Hans (1877-1902), the oldest of the boys, went to America and disappeared at sea. The first word he ever spoke was, they say, ‘Oedipus’. Once, when walking in the park with his sister Hermine, he had tried to imagine a pavilion made of diamonds, but could only imagine it in miniature. ‘I cannot continue,’ he said. ‘I cannot imagine my diamond pavilion any bigger than this. Can you?’

‘Of course,’ Hermine answered, ‘what is the problem?’

‘Well,’ Hans replied, ‘there is no money left to buy any more diamonds.’

He went canoeing in Chesapeake Bay and was never seen again. Or he went on a boat. Or there was a gun. It took a year for the family to accept that he had died. That he was never coming home.

Rudi (born in 1881) was 22 years old when he went to a bar in Berlin and asked the pianist to play Verlassen, verlassen, verlassen bin ich. Imagine him in the modern ballet version of the family’s life, in black tights, gleaming like leather, shirtless and effete. Camp as a row of tents, he gestures towards his lover’s grave and drinks his milk and cyanide. (Did I mention that Hans, too, was queer? Well, what did you expect?)

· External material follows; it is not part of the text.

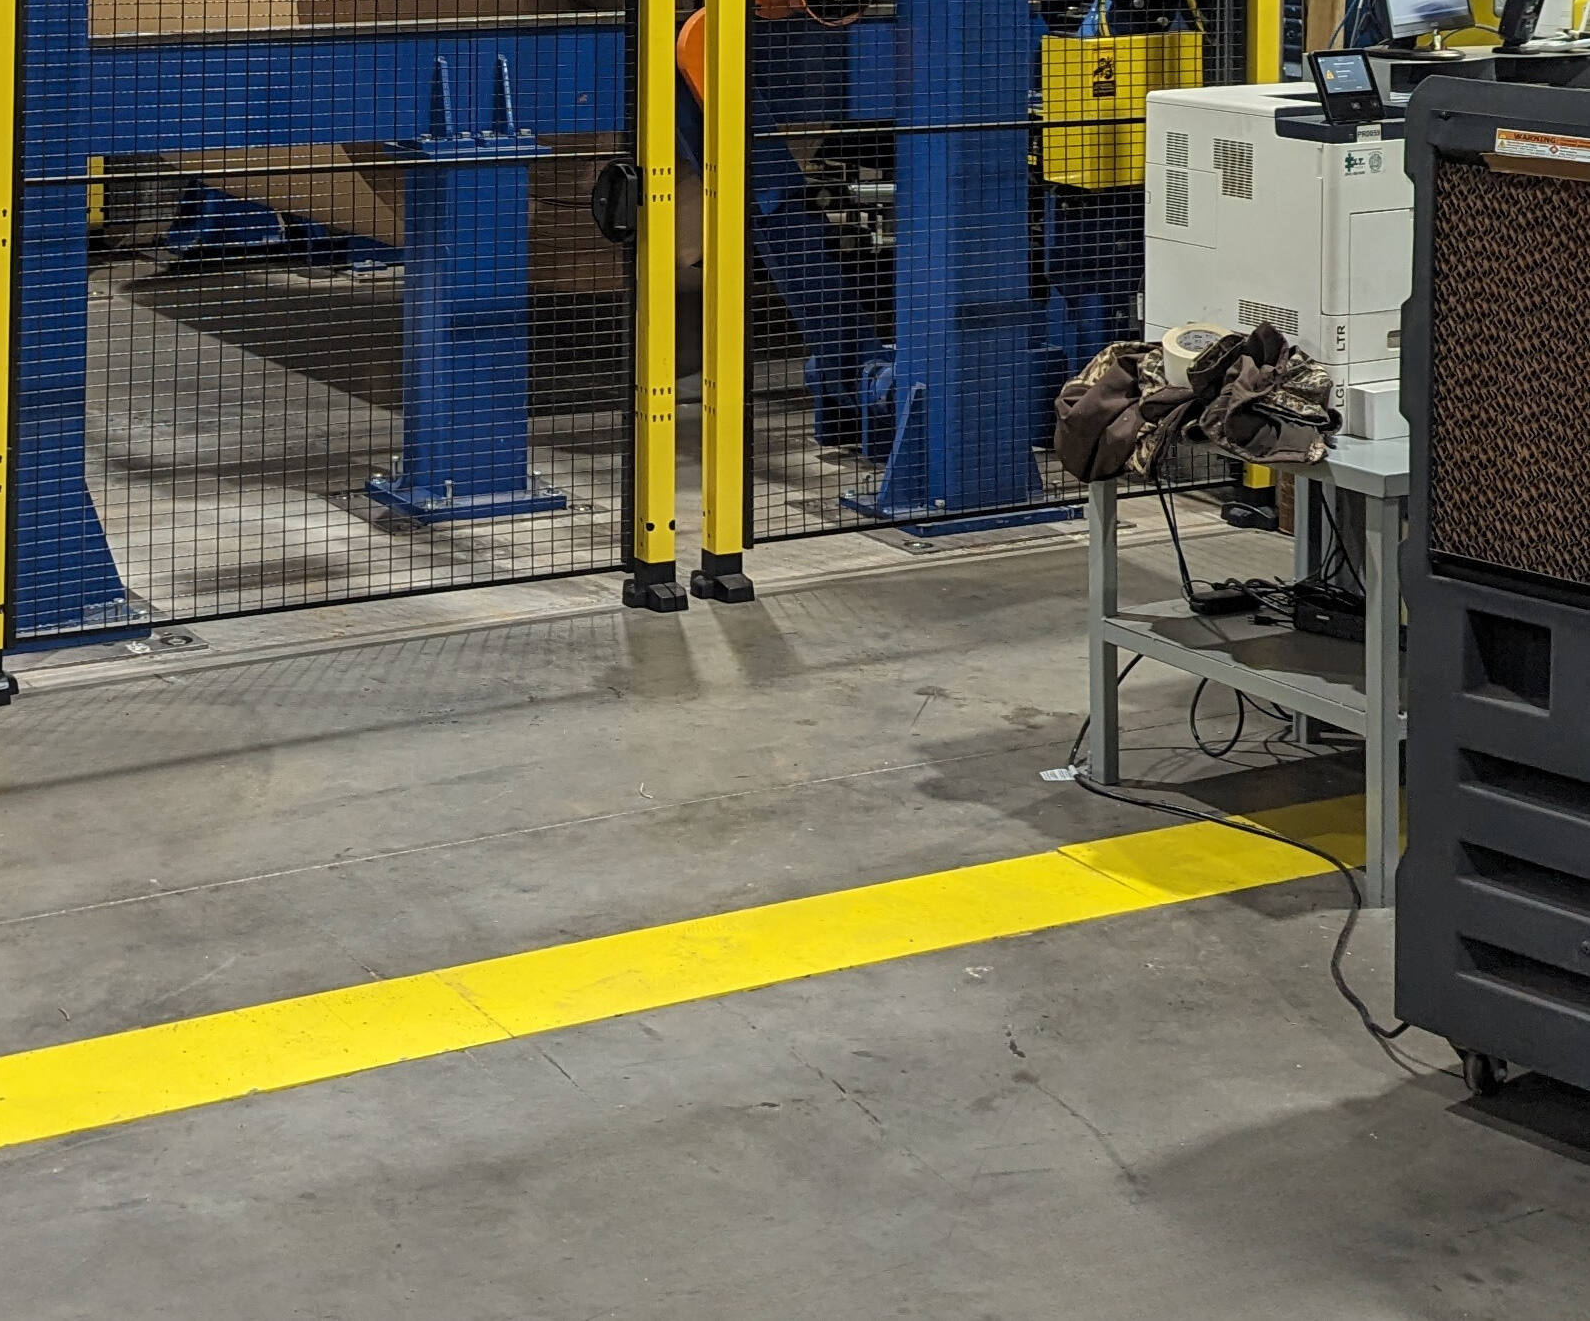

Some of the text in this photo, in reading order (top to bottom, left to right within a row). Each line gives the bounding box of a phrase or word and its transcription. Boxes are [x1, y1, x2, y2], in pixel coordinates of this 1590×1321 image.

[1513, 132, 1556, 144] WARNING
[1336, 325, 1346, 352] LTR
[1335, 378, 1345, 407] LGL

Kurt (1878-1918), an officer, spent most of the war in Göding, where:

to the far-off colourless sky there ran long empty boulevards lined by large poplars, rising so disproportionately large and sad, but for all that I have often have a feeling of unutterable, asphyxiating solitude …

The oldest of Kurt’s sisters, Hermine, (who had once written that there was no depth to his character, “but since you don’t expect to find any, you don’t miss it either”) wrote that he ‘fell’ on 27th September, but the date is unclear. He died (according to the family’s correspondence) in either September, October or November. The troops under his command deserted him. He stood alone at the Italian front and shot himself. A clean, swift death.

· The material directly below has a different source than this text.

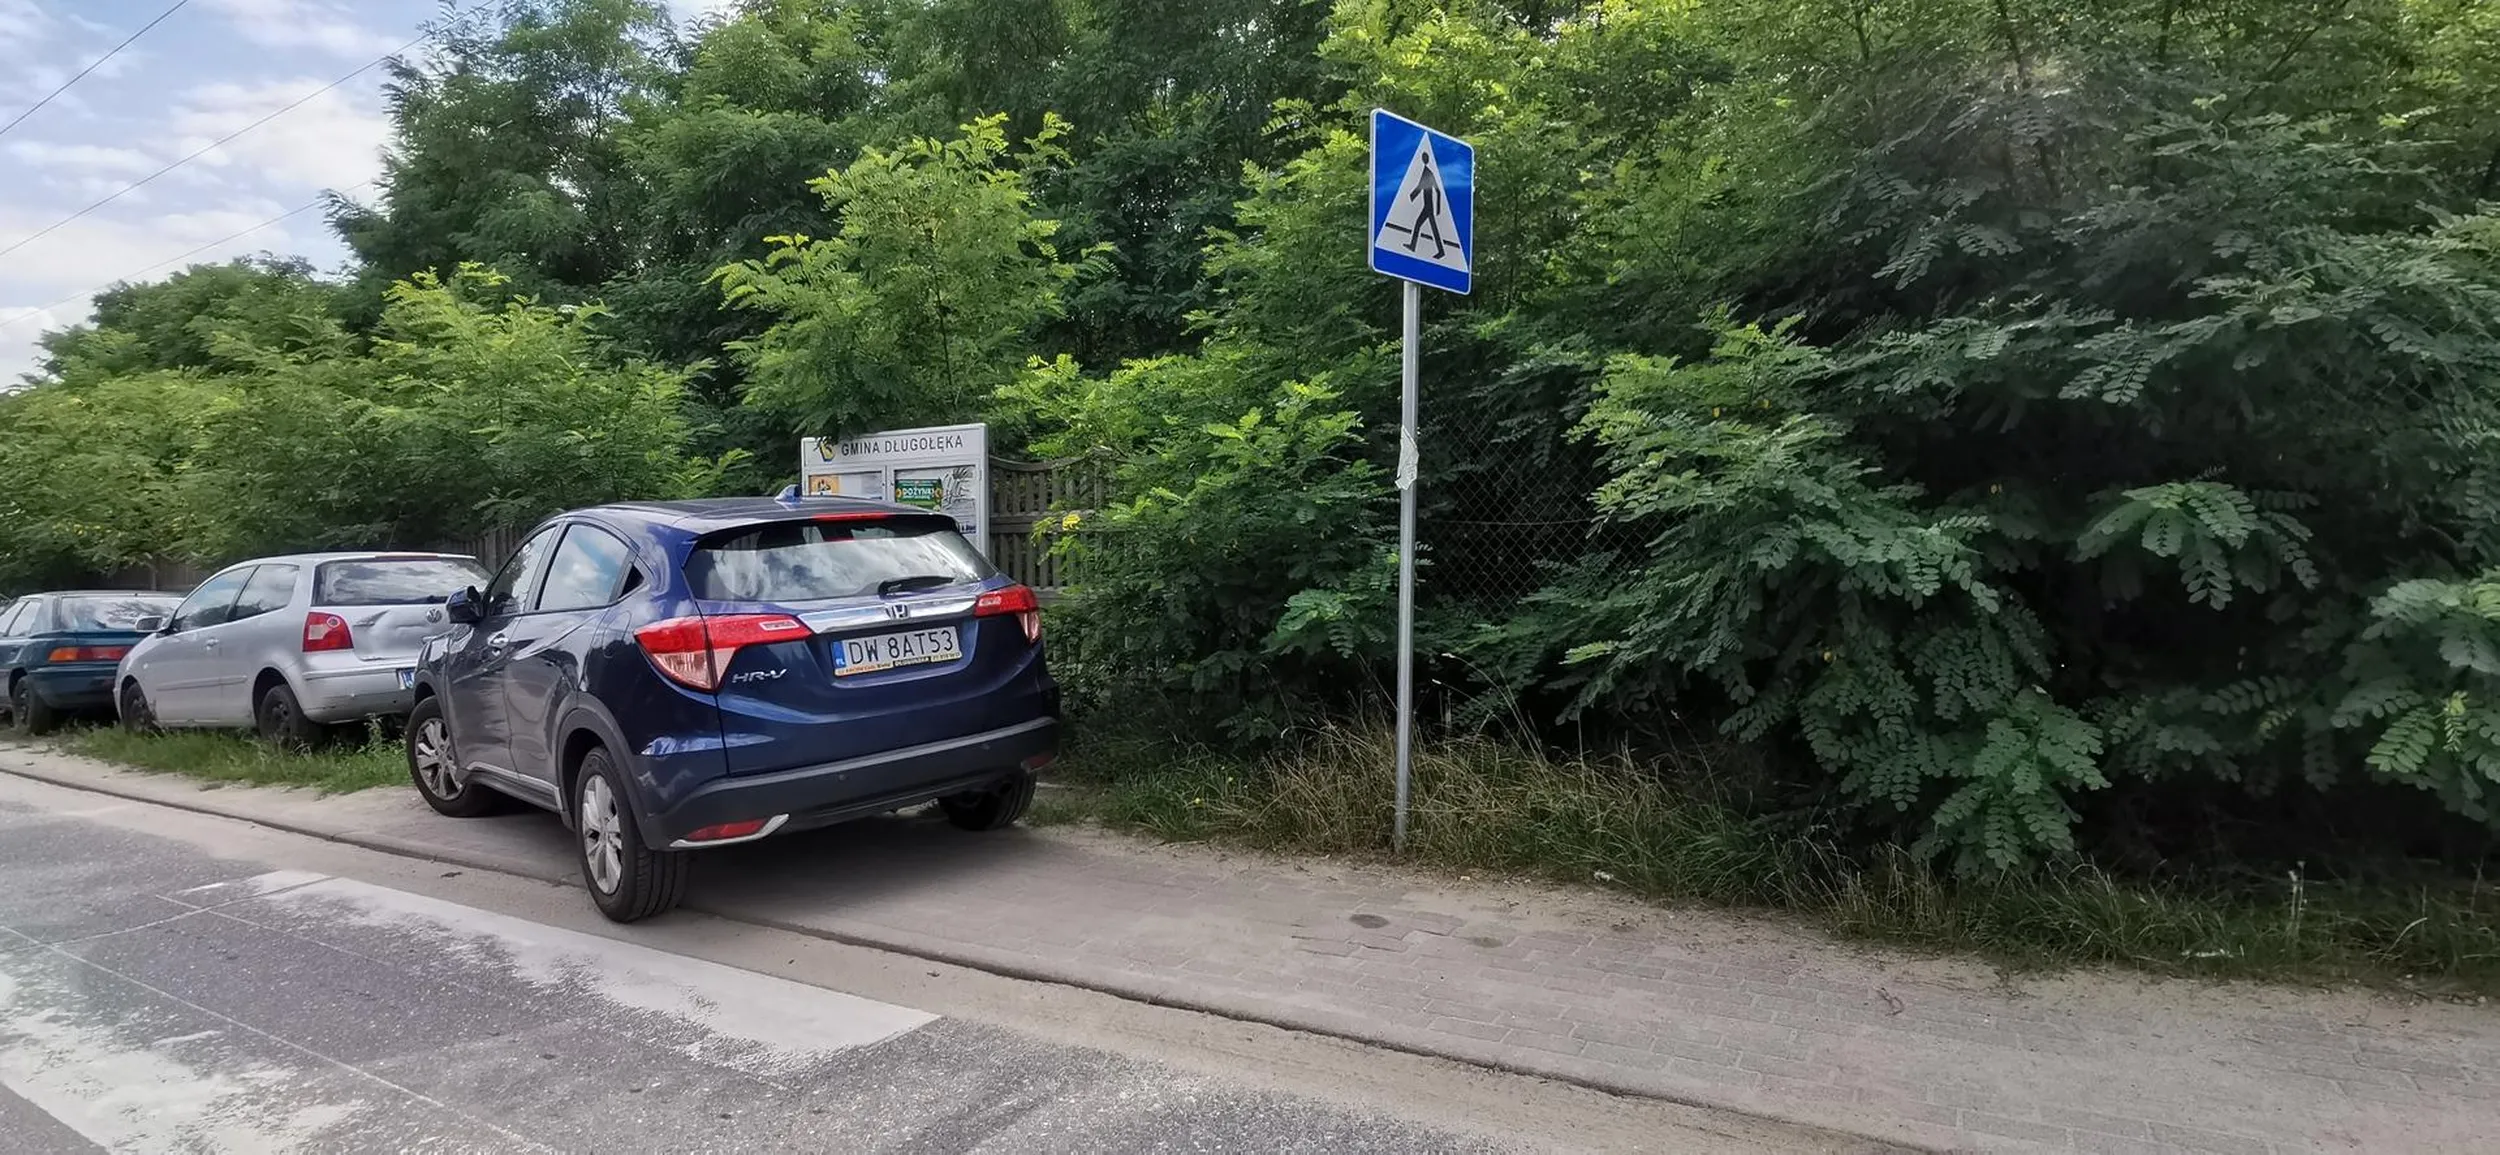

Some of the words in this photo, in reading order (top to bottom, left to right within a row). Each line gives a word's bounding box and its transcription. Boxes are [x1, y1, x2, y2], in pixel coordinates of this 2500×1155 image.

(There are others: Gretl’s husband, Jerome, who shot himself in the head with a rifle. Helene who died of cancer, Helene’s daughter of cancer, Helene’s son of polio. It goes on and on and on …).

And then there is Paul, born in 1887, who did not die, but was shot in the right elbow during the first world war. He had already launched his glittering career as a concert pianist (Remember, there were seven grand pianos in the Wittgenstein home: more pianos than there were pianists to play them, in the end). His debut was bought and  paid for, and held in Vienna’s incomparable Grosser Musikvereinsaal. He had a tantrum before he walked on stage, tore his sheet music into pieces and stamped his feet like a child. He was somewhere between Galicia and the Russian border when a bullet shattered his joint. It was August 1914. He was unconscious, in the field hospital, when the arm was amputated. Two months later his philosopher-brother wrote:

I keep having to think of poor Paul, who has so suddenly lost his career! How terrible. What philosophy is needed to get over it! If only this can be achieved in any other way than suicide!

But Paul was made of different, perhaps sterner, stuff. He learned, as many other amputees learned, to dress himself. To eat and wash and walk. And to play with only his left hand. His own arrangements, at times–the first was Chopin’s Revolutionary Etude–but later he commissioned work from the great composers of his day: Prokofiev and Ravel. He was fierce, and intensely self-critical. A man turned in upon himself. When, in 1931, Prokofiev sent him the score for his Fourth Piano Concerto, Paul wrote back:

Thank you for the concerto, but I do not understand a single note in it, and I will not play it.